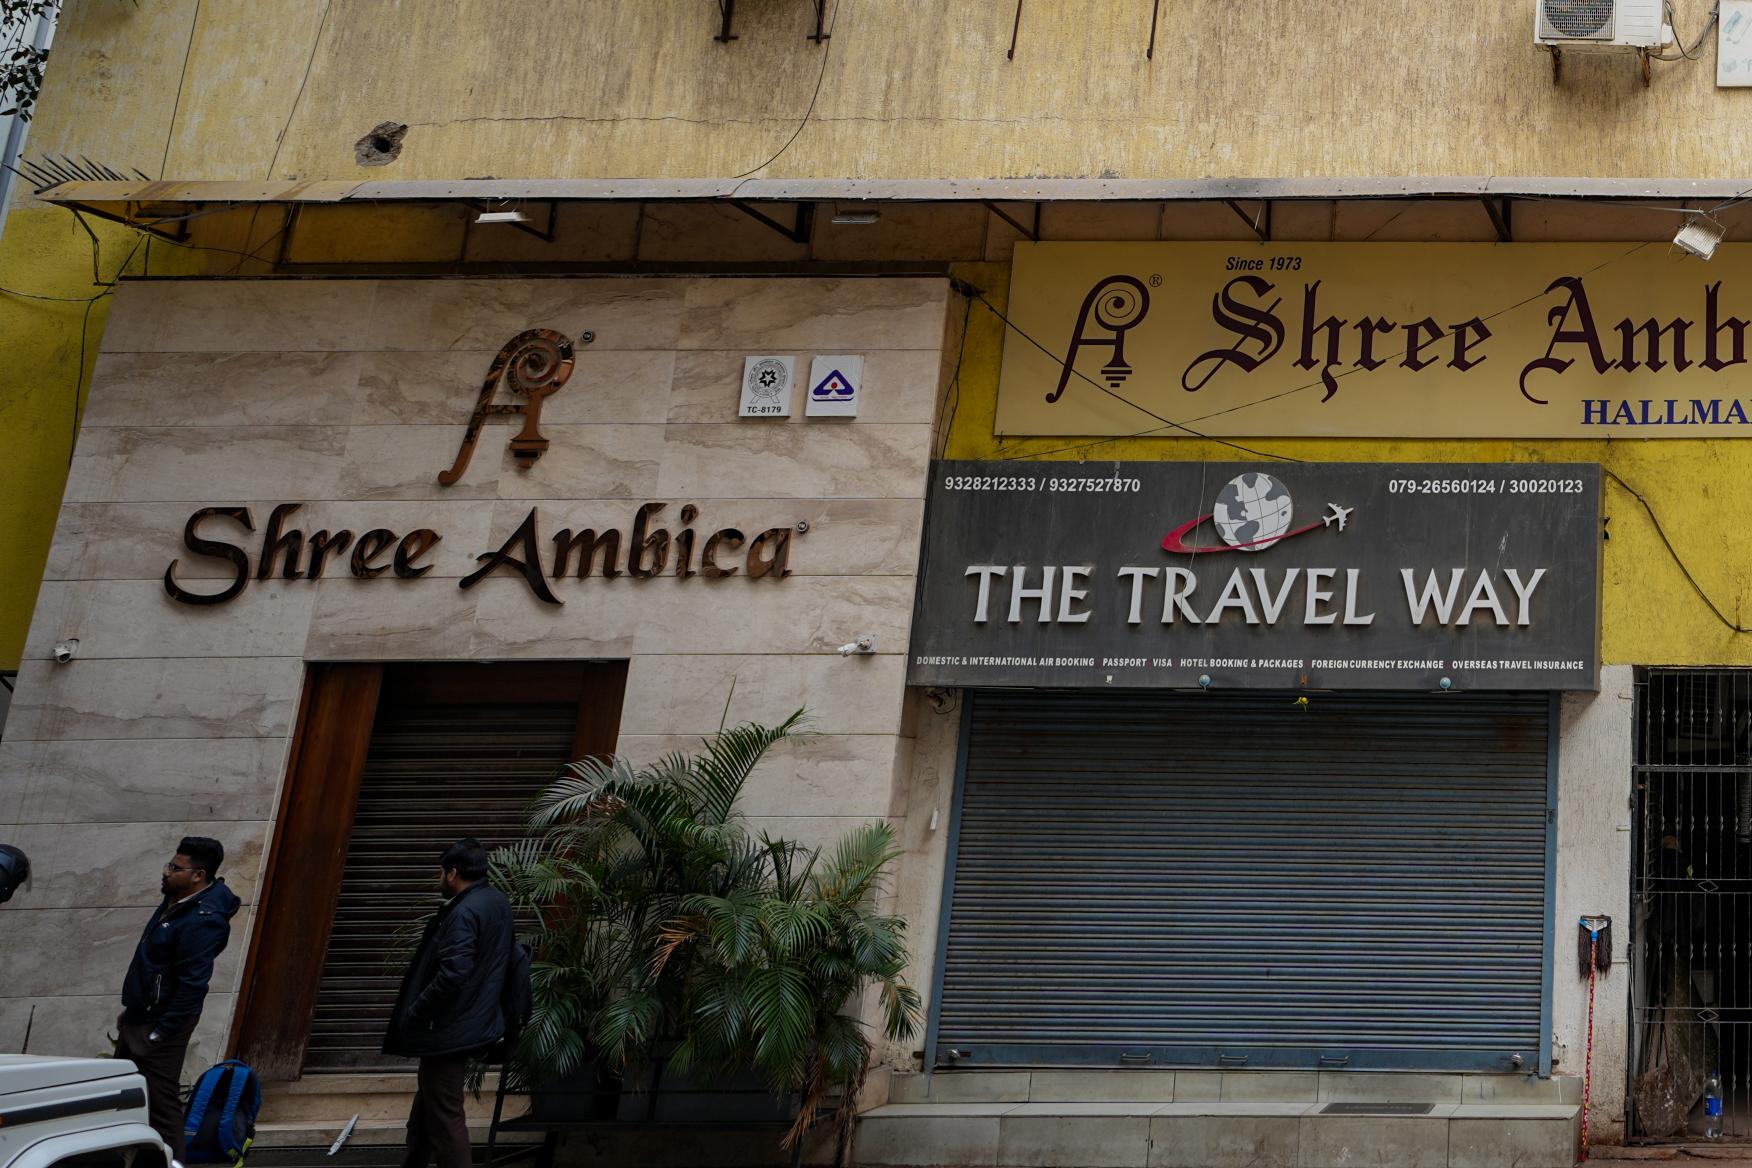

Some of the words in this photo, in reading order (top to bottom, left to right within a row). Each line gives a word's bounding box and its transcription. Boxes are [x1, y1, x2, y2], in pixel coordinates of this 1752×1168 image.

[1225, 257, 1263, 271] Since
[1269, 257, 1302, 271] 1973
[1182, 275, 1492, 404] Shree
[747, 406, 782, 414] TC-8179
[944, 477, 1036, 491] 9328212333
[1049, 478, 1141, 492] 9327527870
[1389, 479, 1495, 493] 079-26560124
[1510, 479, 1584, 493] 30020123
[164, 503, 443, 606] Shree
[458, 502, 795, 607] Ambica
[964, 565, 1093, 624] THE
[1117, 566, 1375, 626] TRAVEL
[1400, 567, 1548, 627] WAY
[916, 657, 960, 665] DOMESTIC
[969, 657, 1037, 666] INTERNATIONAL
[1039, 658, 1054, 666] AIR
[1055, 658, 1095, 666] BOOKING
[1102, 658, 1147, 667] PASSPORT
[1152, 659, 1172, 667] VISA
[1180, 659, 1208, 667] HOTEL
[1210, 659, 1248, 668] BOOKING
[1258, 659, 1304, 668] PACKAGES
[1311, 660, 1349, 669] FOREIGN
[1349, 660, 1396, 669] CURRENCY
[1397, 660, 1444, 669] EXCHANGE
[1452, 660, 1498, 669] OVERSEAS
[1499, 661, 1532, 670] TRAVEL
[1533, 661, 1584, 670] INSURANCE
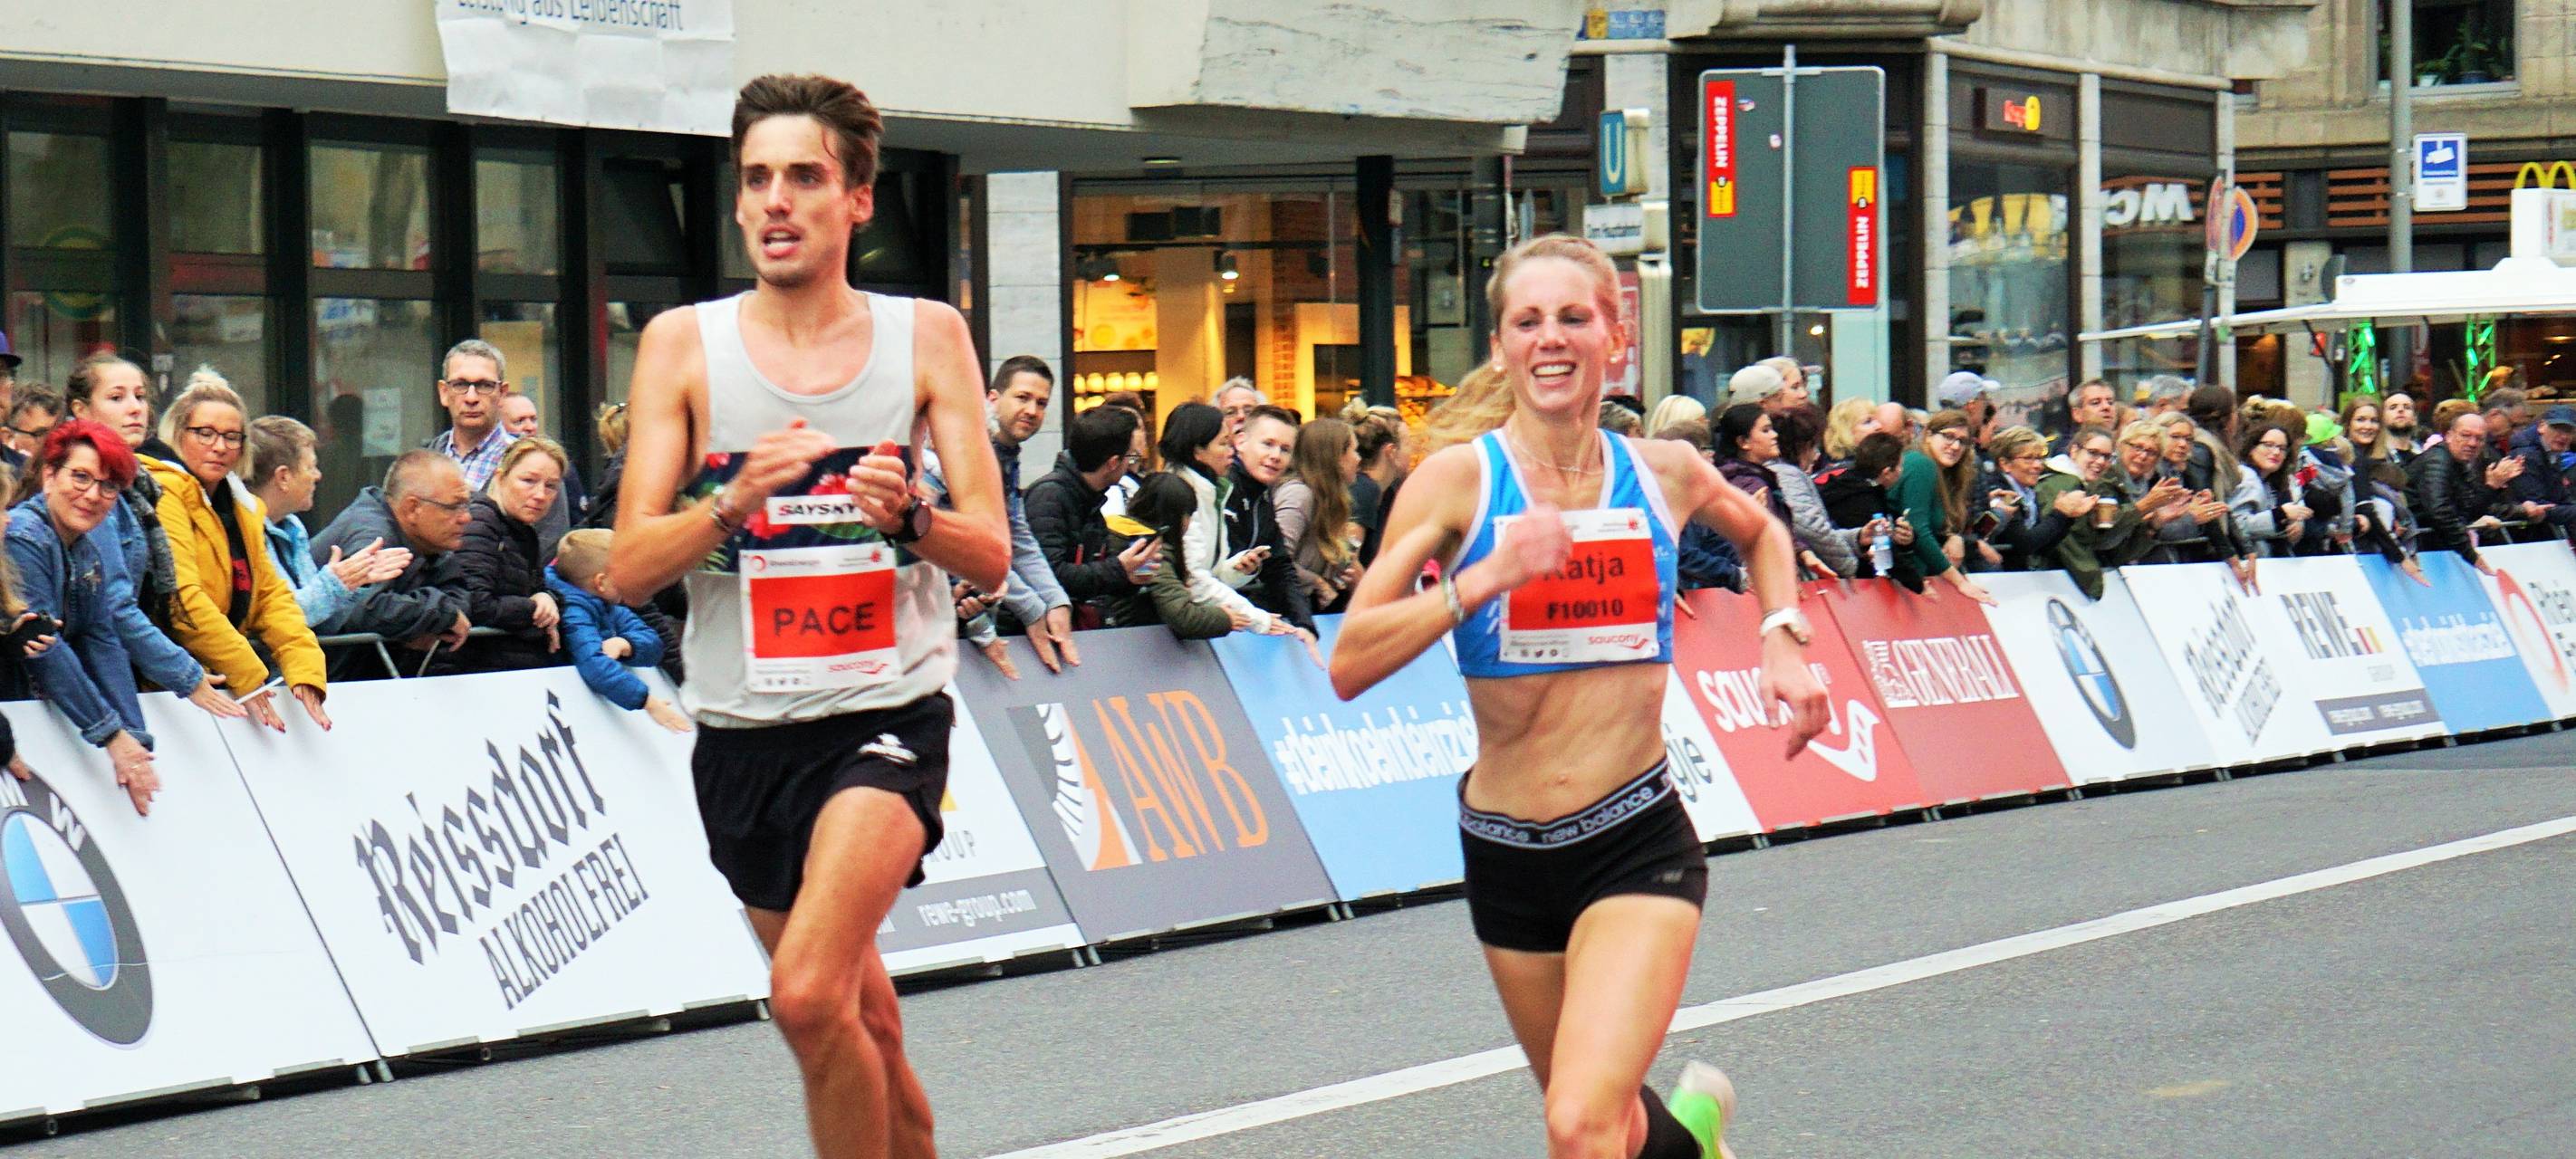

Your task: Please reproduce the entries from above exactly; images are not part of the copy.

Answer box:
Some of the words in this photo, in reading order (top to bottom, left to right within a row). Each line gives a word's bounding box and its transcription. Boxes are [x1, y1, x2, y2], in pixel coordinates of this 1752×1168 image.

[1225, 257, 1263, 271] Since
[1269, 257, 1302, 271] 1973
[1182, 275, 1492, 404] Shree
[747, 406, 782, 414] TC-8179
[944, 477, 1036, 491] 9328212333
[1049, 478, 1141, 492] 9327527870
[1389, 479, 1495, 493] 079-26560124
[1510, 479, 1584, 493] 30020123
[164, 503, 443, 606] Shree
[458, 502, 795, 607] Ambica
[964, 565, 1093, 624] THE
[1117, 566, 1375, 626] TRAVEL
[1400, 567, 1548, 627] WAY
[916, 657, 960, 665] DOMESTIC
[969, 657, 1037, 666] INTERNATIONAL
[1039, 658, 1054, 666] AIR
[1055, 658, 1095, 666] BOOKING
[1102, 658, 1147, 667] PASSPORT
[1152, 659, 1172, 667] VISA
[1180, 659, 1208, 667] HOTEL
[1210, 659, 1248, 668] BOOKING
[1258, 659, 1304, 668] PACKAGES
[1311, 660, 1349, 669] FOREIGN
[1349, 660, 1396, 669] CURRENCY
[1397, 660, 1444, 669] EXCHANGE
[1452, 660, 1498, 669] OVERSEAS
[1499, 661, 1532, 670] TRAVEL
[1533, 661, 1584, 670] INSURANCE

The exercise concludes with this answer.